28 . L' interprétation du requérant permettrait donc que s' écoule entre deux contrôles successifs un laps de temps supérieur à quatorze jours; cela se produirait par exemple à chaque fois que, dans une entreprise donnée, le premier contrôle aurait été effectué au début d' une première période de quatorze jours et le suivant à la fin de la période suivante de quatorze jours .
29 . Le gouvernement requérant présente à l' appui de sa position différents arguments dont le rapport d' audience fait la synthèse .
30 . Il ne nous paraît pas que ces arguments soient fondés .
31 . b ) Du point de vue purement littéral, l' interprétation de la Commission nous semble raisonnable lorsqu' elle affirme que le libellé de l' article 10, paragraphe 2, sous c ), du règlement n° 1725/79 ne signifie pas "une fois au minimum dans chaque période de quatorze jours de fabrication" mais bien, comme il est écrit, très précisément, "au minimum une fois tous les quatorze jours de fabrication ". En effet, rien dans le texte du règlement ne permet de dire que celui-ci a entendu individualiser des périodes de quatorze jours en permettant que le contrôle ait lieu à n' importe quel moment durant cette période; il ressort au contraire de la lettre du texte qu' il fixe le délai maximal pouvant s' écouler entre deux contrôles .
32 . On nous a du reste expliqué à l' audience qu' il n' existe pas, dans le processus de fabrication en cause, de cycles techniques de production qui pourraient être à la base de la référence à une période de production de quatorze jours, comme s' il s' agissait d' une unité de temps autonome dotée d' une logique propre dans le cadre de la production des entreprises .
33 . Un élément d' ordre logique renforce cet argument . En effet, l' article 10, paragraphe 2, sous c ), alinéa 2, se réfère aux entreprises qui n' utilisent pas le lait écrémé de façon permanente; son alinéa 1 est donc consacré aux contrôles à appliquer aux entreprises utilisant ce lait de façon continue, sans intervalles ou interruptions des cycles de production, ce qui ne paraît pas compatible avec l' idée de périodes autonomes de quatorze jours et avec la seule exigence d' un contrôle pour chacune d' elles .

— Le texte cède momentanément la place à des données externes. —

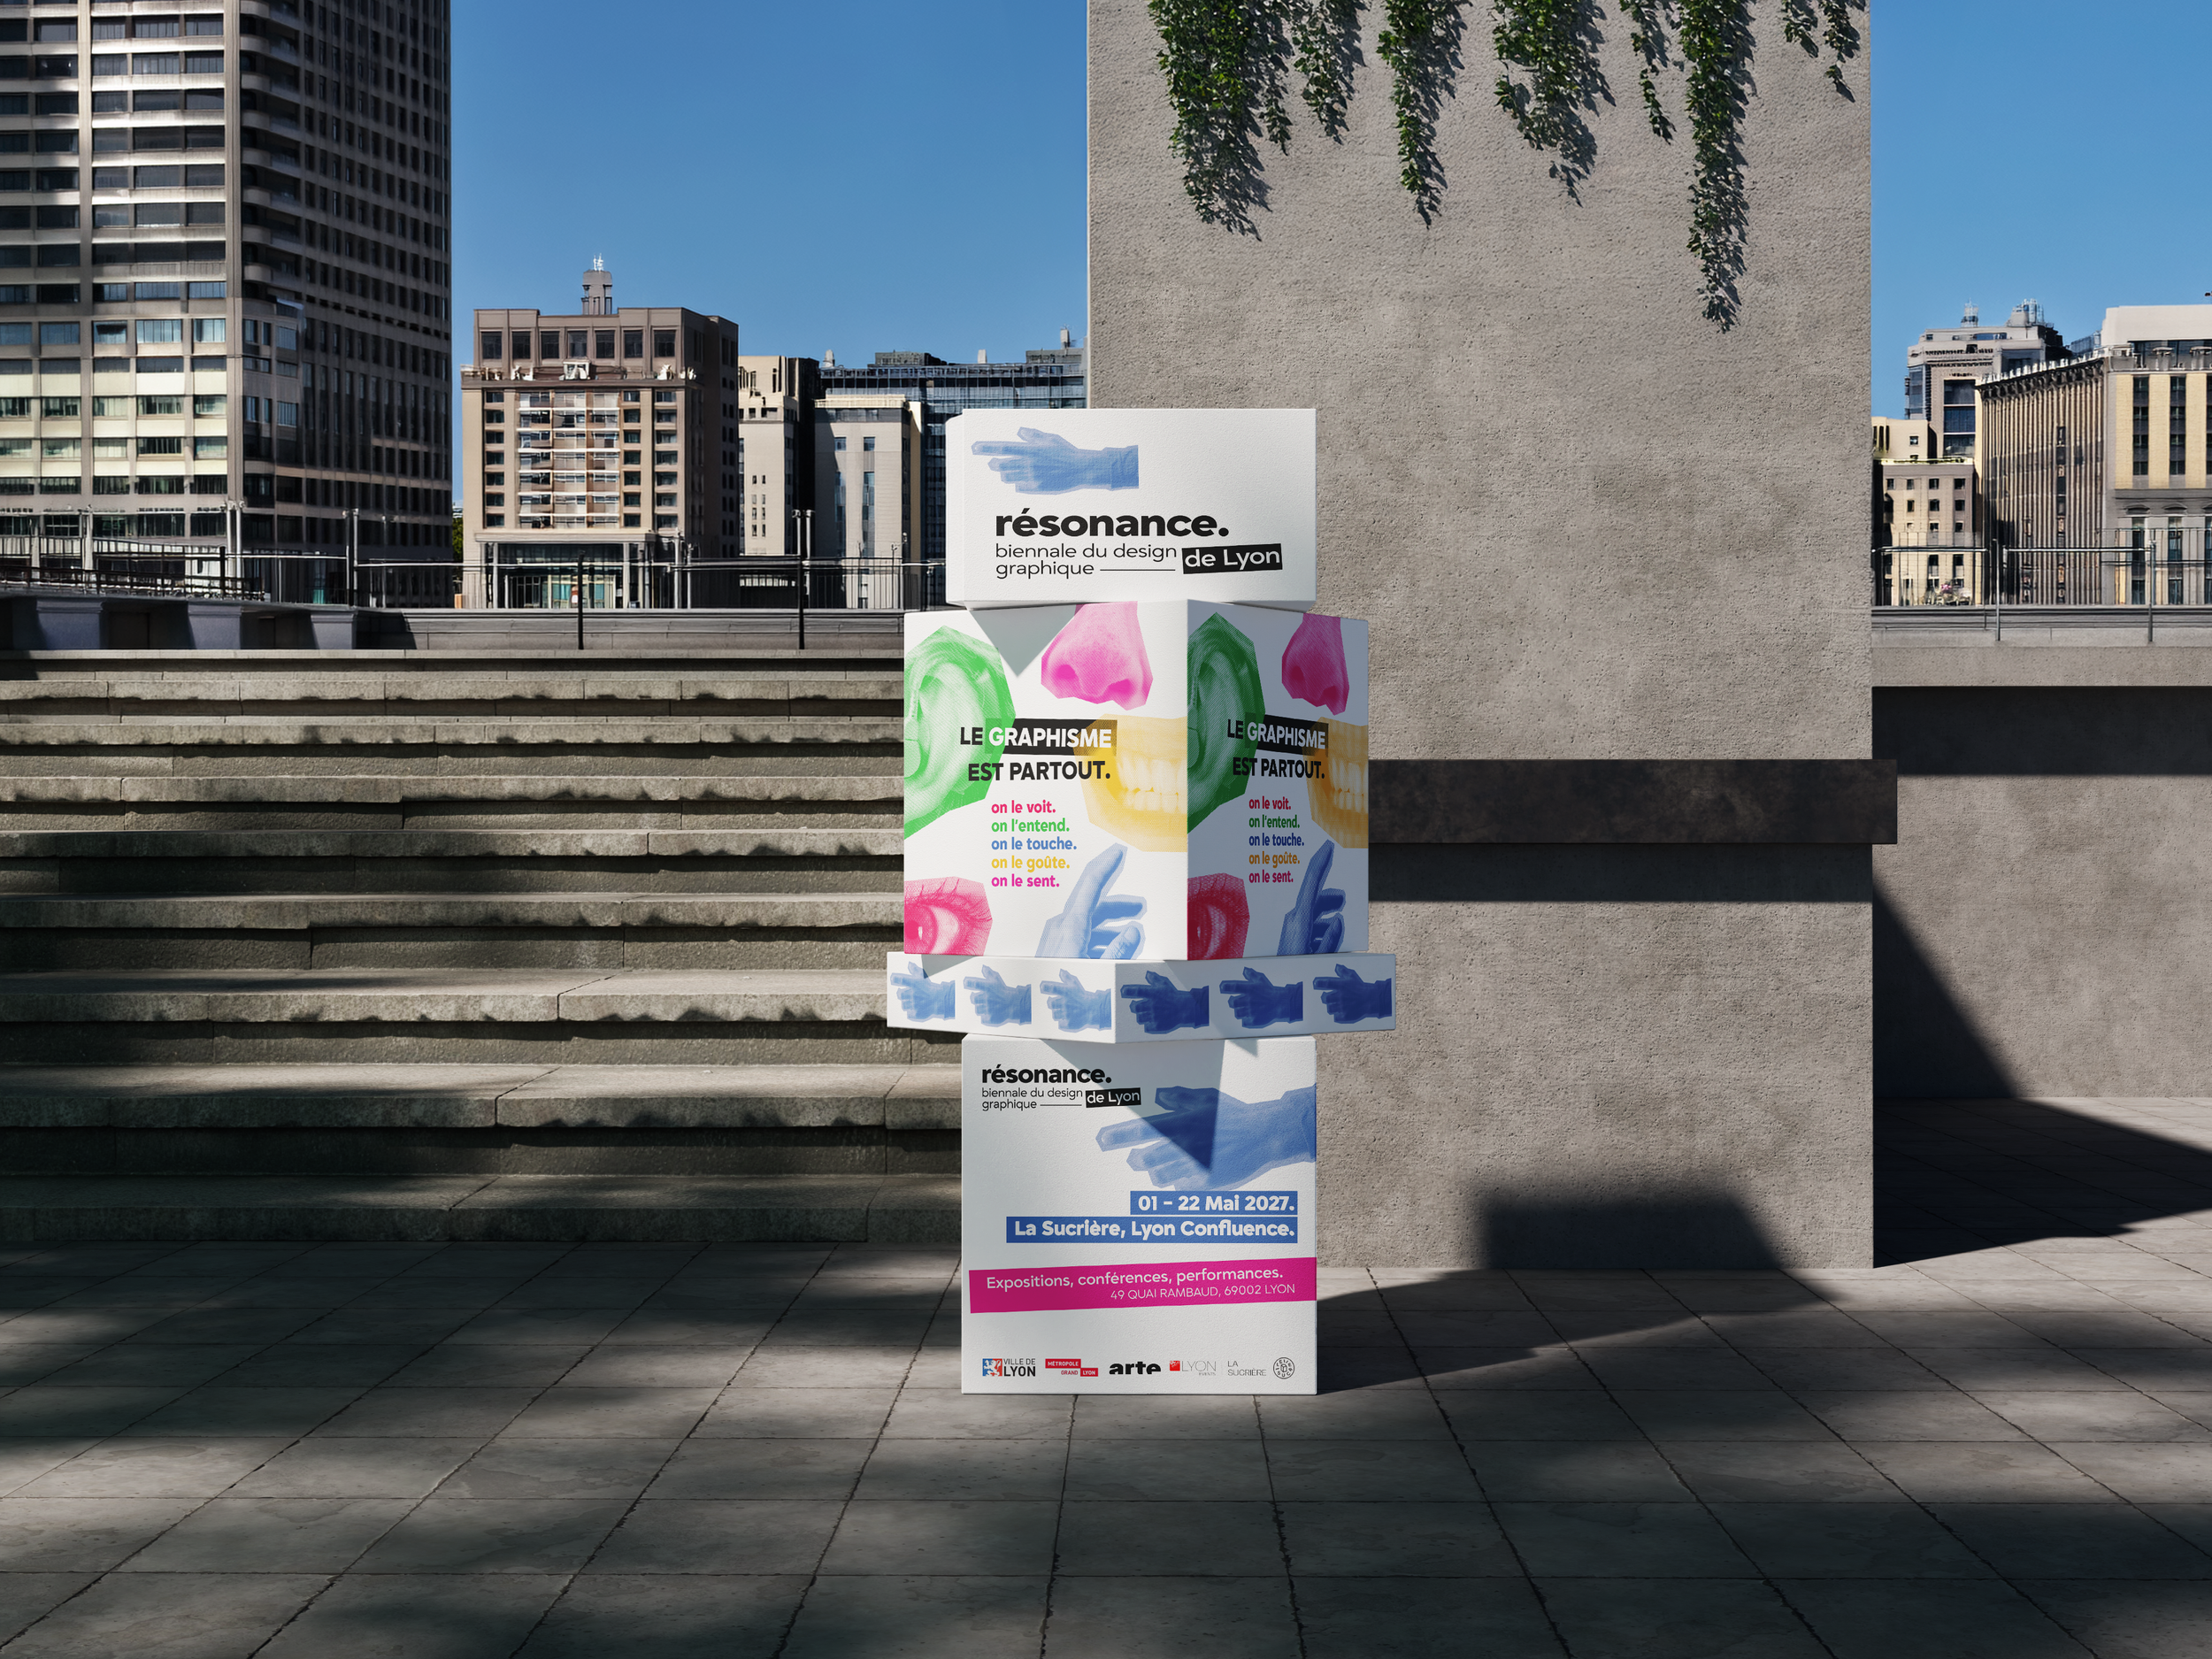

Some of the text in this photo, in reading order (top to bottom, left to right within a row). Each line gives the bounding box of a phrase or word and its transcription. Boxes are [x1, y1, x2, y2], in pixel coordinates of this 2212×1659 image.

[995, 508, 1229, 537] résonance.
[995, 543, 1279, 570] biennale du design de Lyon
[995, 560, 1094, 579] graphique
[961, 727, 1111, 748] LE GRAPHISME
[1227, 719, 1325, 749] LE GRAPHISME
[969, 761, 1110, 781] EST PARTOUT.
[1233, 757, 1325, 779] EST PARTOUT.
[992, 800, 1056, 813] on le voit.
[1249, 796, 1291, 810] on le voit.
[992, 822, 1007, 832] on
[1249, 818, 1260, 827] on
[992, 836, 1077, 849] on le touche.
[1249, 833, 1304, 846] on le touche.
[992, 856, 1070, 872] on le goûte.
[1249, 851, 1300, 868] on le goûte.
[992, 873, 1060, 887] on le sent.
[1249, 870, 1294, 883] on le sent.
[982, 1064, 1111, 1083] résonance.
[982, 1087, 1140, 1105] biennale du design de Lyon
[982, 1099, 1037, 1111] graphique
[1139, 1195, 1157, 1210] 01
[1179, 1196, 1201, 1210] 22
[1205, 1195, 1240, 1210] Mai
[1245, 1196, 1294, 1211] 2027.
[1015, 1220, 1294, 1240] La Sucrière, Lyon Confluence.
[987, 1267, 1283, 1292] Expositions, conférences, performances.
[1110, 1284, 1295, 1300] 49 QUAI RAMBAUD, 69002 LYON
[1003, 1366, 1035, 1377] LYON
[1110, 1361, 1161, 1374] arte
[1182, 1361, 1216, 1371] LYON

34 . Il est certain que la cadence préconisée par le requérant et celle que défend la Commission sont l' une et l' autre compatibles avec la réalisation de contrôles inopinés . Mais, ne serait-ce que du point de vue de l' efficacité préventive des deux systèmes de calcul par rapport à l' objectif de prévention de la fraude, le second doit être préféré au premier .

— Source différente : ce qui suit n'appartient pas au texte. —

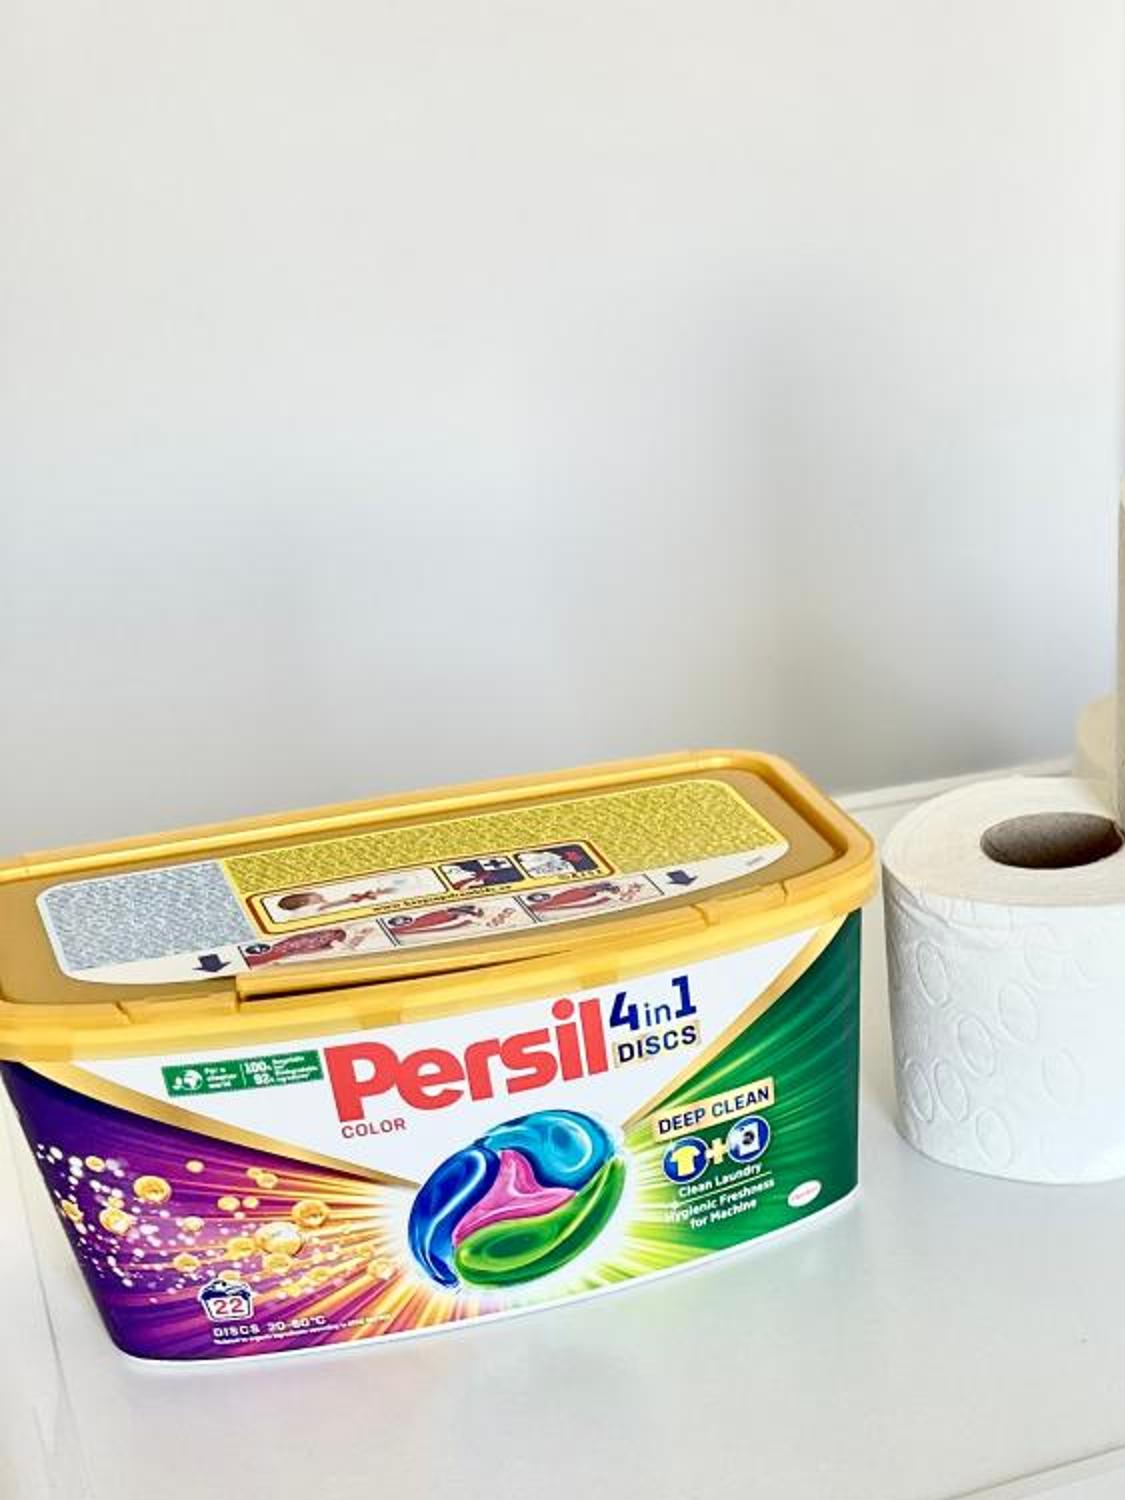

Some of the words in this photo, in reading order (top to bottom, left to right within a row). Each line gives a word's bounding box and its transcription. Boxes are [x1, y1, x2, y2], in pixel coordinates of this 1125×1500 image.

[323, 998, 608, 1122] Persil
[617, 1024, 697, 1063] DISCS
[341, 1117, 406, 1140] COLOR
[658, 1107, 706, 1135] DEEP
[711, 1086, 770, 1118] CLEAN
[678, 1177, 713, 1198] Clean
[715, 1162, 763, 1187] Laundry
[665, 1198, 718, 1226] Hygienic
[719, 1178, 775, 1207] Freshness
[689, 1213, 708, 1230] for
[710, 1199, 758, 1223] Machine
[213, 1297, 244, 1315] 22
[213, 1323, 261, 1338] DISCS

35 . Dans l' optique des Pays-Bas, plus grand serait l' intervalle de temps écoulé depuis le contrôle antérieur, plus grands seraient non seulement la probabilité d' un nouveau contrôle, mais aussi le risque, en cas d' irrégularité, que l' entreprise perde tout le bénéfice de l' aide à compter du dernier contrôle positif effectué antérieurement .
36 . La Commission souligne en contrepartie que le risque que les fraudes ne soient pas détectables augmente également . Dans ce cas, l' effet dissuasif varie de façon inversement proportionnelle au laps de temps écoulé depuis le dernier contrôle, et c' est pourquoi il est préférable de miser sur la possibilité de détecter les fraudes plutôt que de stimuler la mauvaise volonté ou la mauvaise foi des opérateurs fondée sur la prévision de contrôles plus espacés .
37 . Le souci de contrôler les opérations qui peuvent donner lieu à des aides financées par le FEOGA est du reste bien présent dans le préambule du règlement n° 1725/79 .
38 . Celui-ci prend acte de la nécessité "d' augmenter l' efficacité des prescriptions visant à assurer la destination spécifique du lait écrémé et du lait écrémé en poudre"; à cette fin, il admet qu' il convient "de rendre plus strictes certaines exigences techniques concernant la dénaturation et l' utilisation du lait écrémé en poudre et de renforcer les mesures de contrôle" ( deuxième considérant ).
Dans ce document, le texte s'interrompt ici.